Орфей жил с таким выражением лица, будто победил смерть. Однажды он заносчиво изрек буквально следующее: «Да, меня окружают только слуги и оруженосцы. И больше мне никто не нужен».

Эвридика понимала, что такую фразу гордый дух может исторгнуть лишь на головокружительном подъеме, за которым следует только низвержение. И она выкралась из комнаты Орфея чуть не на цыпочках, чтобы не сорвать камнепад с этого пика победы.

Миф гласит, что Эвридика умерла от укуса змеи. Спасаясь от преследования Аристея, она бежала по лугу, тут ее и настигла смерть.

Как сказали бы современные толкователи, она стала чураться мужчин, и природа не потерпела такого пренебрежения своими законами.

На самом деле никакого демонстративного перехода в стан феминисток Эвридика не совершала. Просто ей больше не подвернулся мужчина, столь же притягательный и желанный, как Орфей. Она не хотела перебивать вкус воспоминаний.

Когда-то Орфей замечательно пел. Он так владел своим голосом, что люди, звери и сама стихия покорялись его мелодиям, как река покоряется руслу. Его пение упорядочивало всякий разлад, как магнит железные опилки.
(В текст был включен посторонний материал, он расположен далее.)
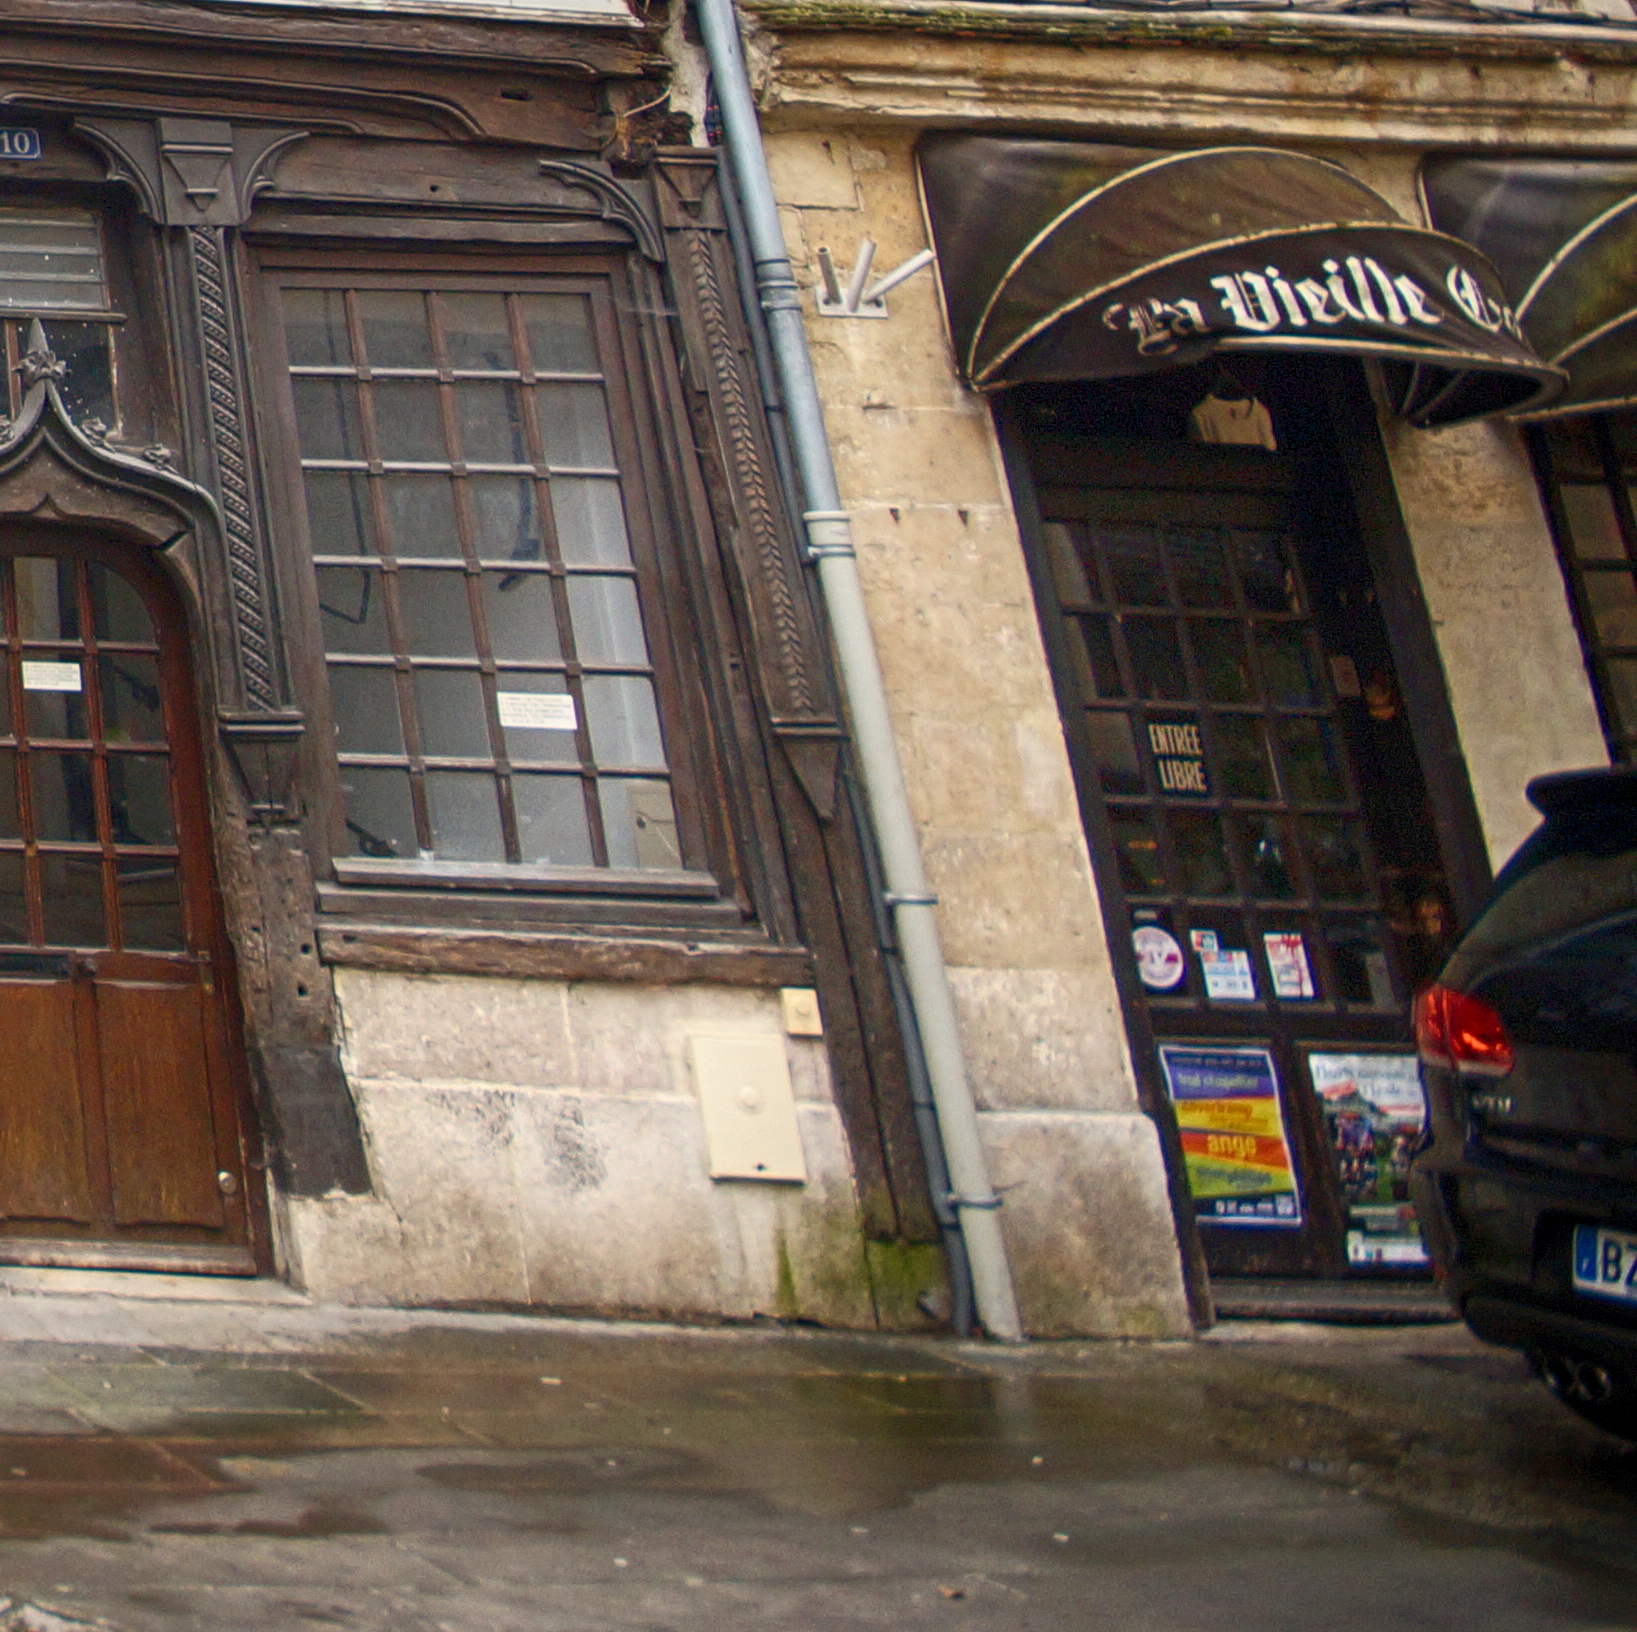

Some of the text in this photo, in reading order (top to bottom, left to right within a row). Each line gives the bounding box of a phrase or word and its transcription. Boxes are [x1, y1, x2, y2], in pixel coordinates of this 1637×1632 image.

Эта тайна занимала Эвридику всегда, а в последнее время особенно, когда Орфей перестал петь.

Далеко не всякая, даже гармоничная, мелодия может развить тот мощный прорыв, когда волоски на коже вздымаются дыбом. Когда пел Орфей, эта сила господствовала в каждом звуке без промежутков и пустот.

Эвридике казалось, что человеку рахитически недостает этого воздействия, как необходимого витамина, и душа его чахнет, словно растение без солнца. Она считала, что человека надо как можно чаще доставать волшебным прикосновением музыки. И она в каждую передачу, даже в заунывную беседу с каким-нибудь городским начальником, норовила вставить музыкальный укол, который достиг бы ни о чем не подозревающего слушателя и пронзил бы его, словно стрела Амура.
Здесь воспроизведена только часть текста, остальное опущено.